La ricorrenza del denunziato vizio di extrapetizione va pertanto esclusa.
Il secondo motivo di ricorso denunzia nullità della sentenza per violazione e/o falsa dell’art. 113 cod. proc. civ., assumendo che la Corte di appello, laddove ha disapplicato le clausole del regolamento condominiale, ha altresì violato il principio che impone al giudice di decidere la controversia applicando le norme giuridiche, tra le quali rientrano le disposizioni del regolamento condominiale.

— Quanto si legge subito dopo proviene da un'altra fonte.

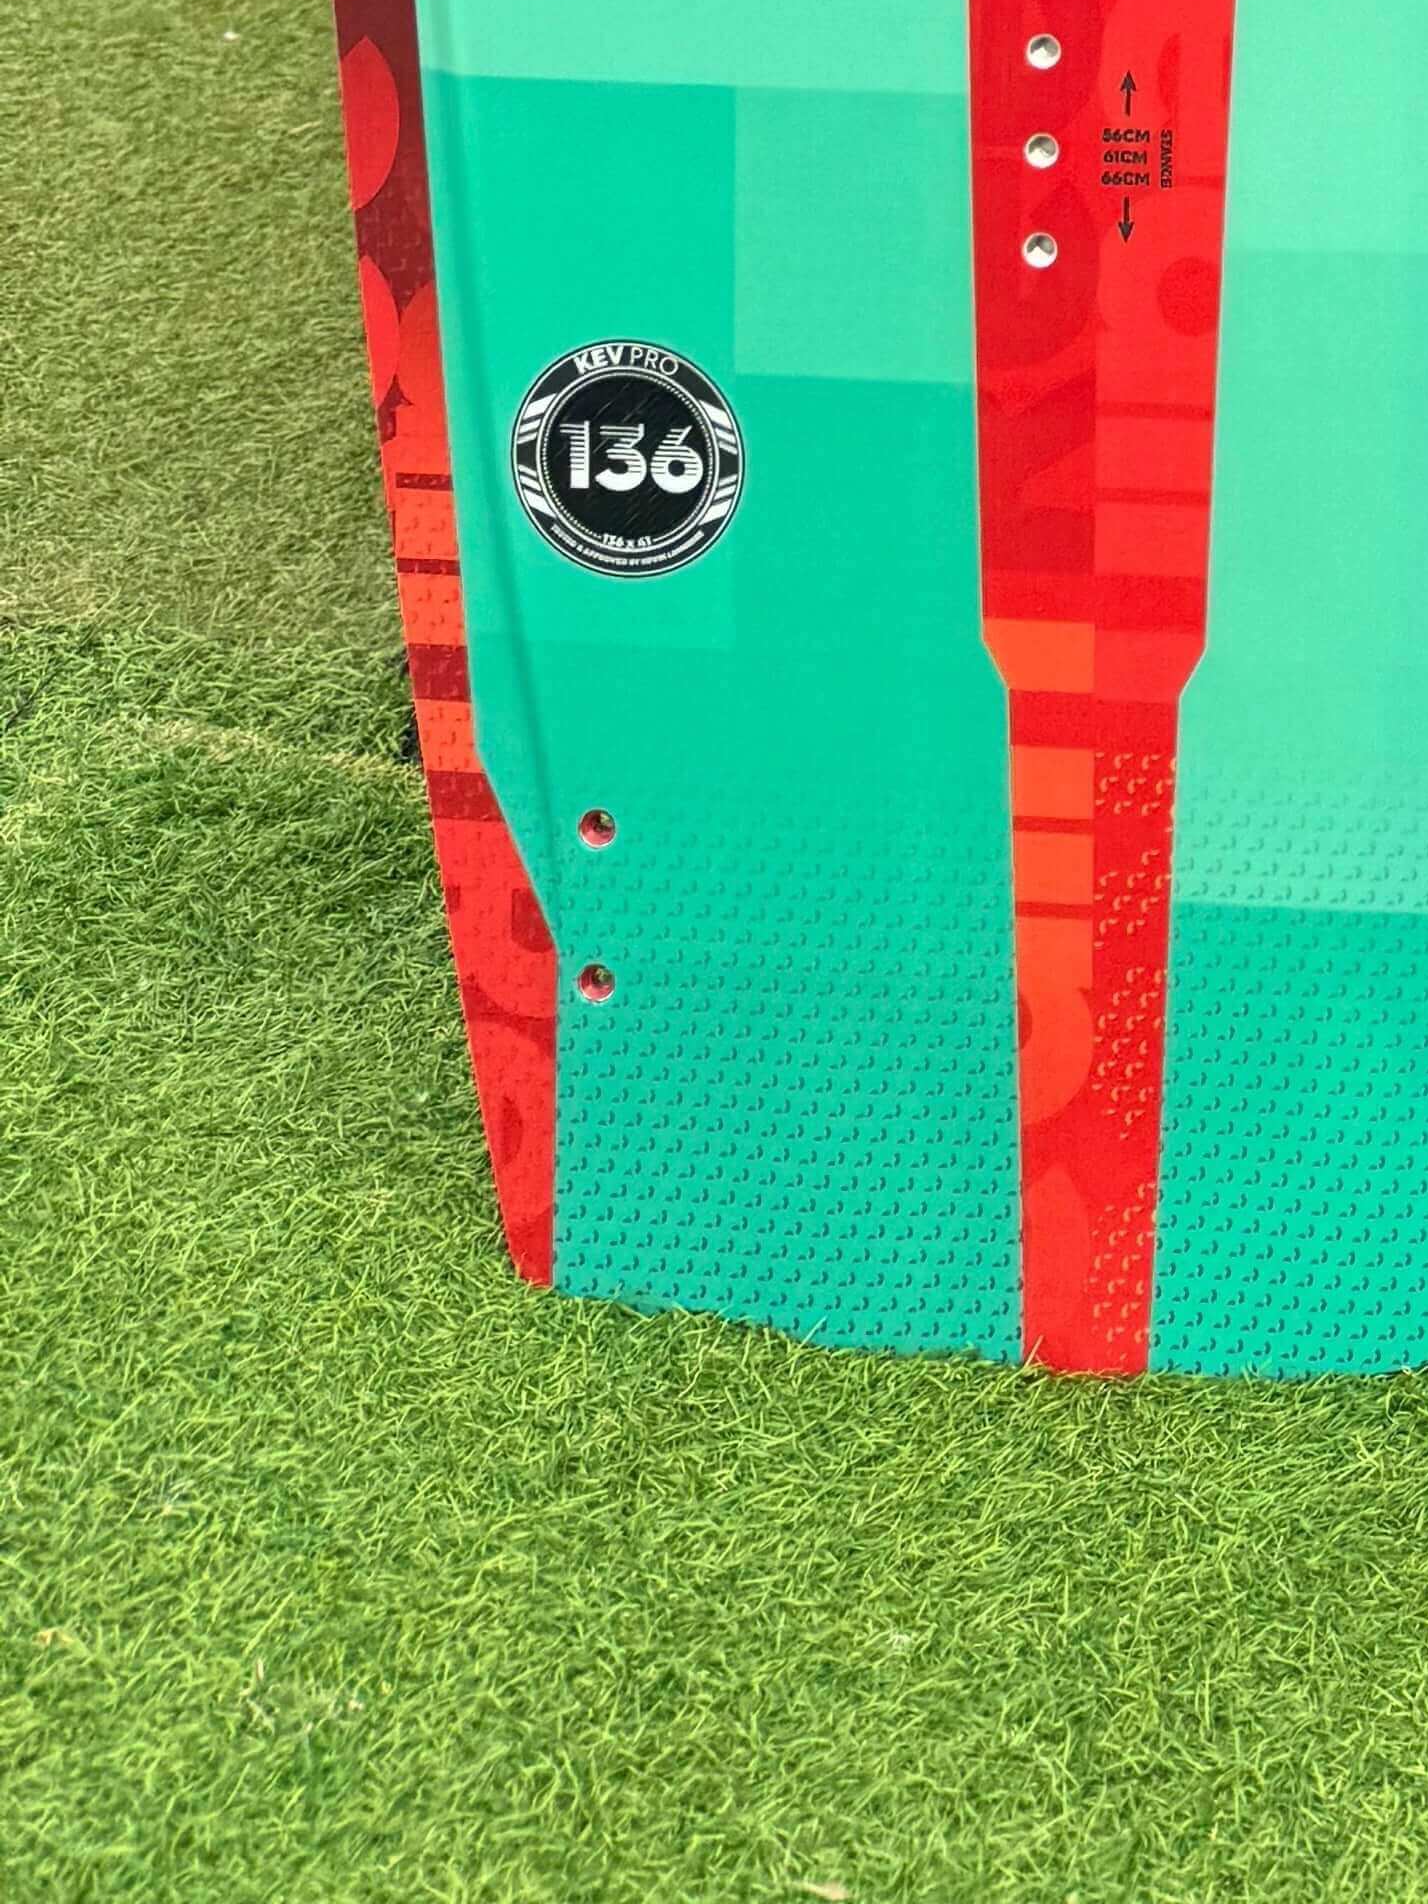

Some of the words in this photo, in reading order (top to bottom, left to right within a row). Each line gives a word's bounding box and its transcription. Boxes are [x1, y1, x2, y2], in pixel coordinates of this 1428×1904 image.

[1102, 128, 1150, 143] 56CM
[1103, 150, 1148, 165] 61CM
[1161, 129, 1173, 188] STANCE
[1101, 171, 1150, 186] 66CM
[559, 420, 704, 494] 136

Il mezzo è manifestamente infondato, essendo sufficiente al riguardo rilevare che in nessun caso le disposizioni del regolamento condominiale hanno natura di norme giuridiche, sicché la loro violazione o errata interpretazione può dar luogo ad una violazione dei criteri di interpretazione degli atti negoziali stabiliti dalla legge (art. 1362 e seguenti cod. civ.), ma non certo alla violazione del dovere del giudice di decidere la controversia secondo diritto.
Il terzo motivo di ricorso denunzia nullità della sentenza per violazione e/o falsa dell’art. 115 cod. proc. civ., lamentando che la Corte distrettuale abbia deciso la causa sulla base delle mere asserzioni di controparte, senza richiamare le prove in atti.
Il motivo va respinto, atteso che dalla semplice lettura della decisione impugnata emerge che il giudice distrettuale ha fondato e motivato il proprio convincimento sulla base delle ” fotografie in atti, prodotte da entrambe le parti, che in maniera non contestata riproducono il manufatto oggetto di causa e lo stato dei luoghi, lì rappresentano esaurientemente, senza bisogno di alcun altro elemento di prova ” (pag. 6 della sentenza).
Il quarto motivo denunzia violazione degli artt. 4, 9 e 15, lett. I) e t), del regolamento di condominio, in relazione all’art. 360, comma 1 n. 3, cod. proc. civ.
Il quinto motivo denunzia falsa applicazione degli artt. 4, 9 e 15, lett. I) e t), del regolamento di condominio, in relazione all’art. 360, comma 1 n. 3, cod. proc. civ.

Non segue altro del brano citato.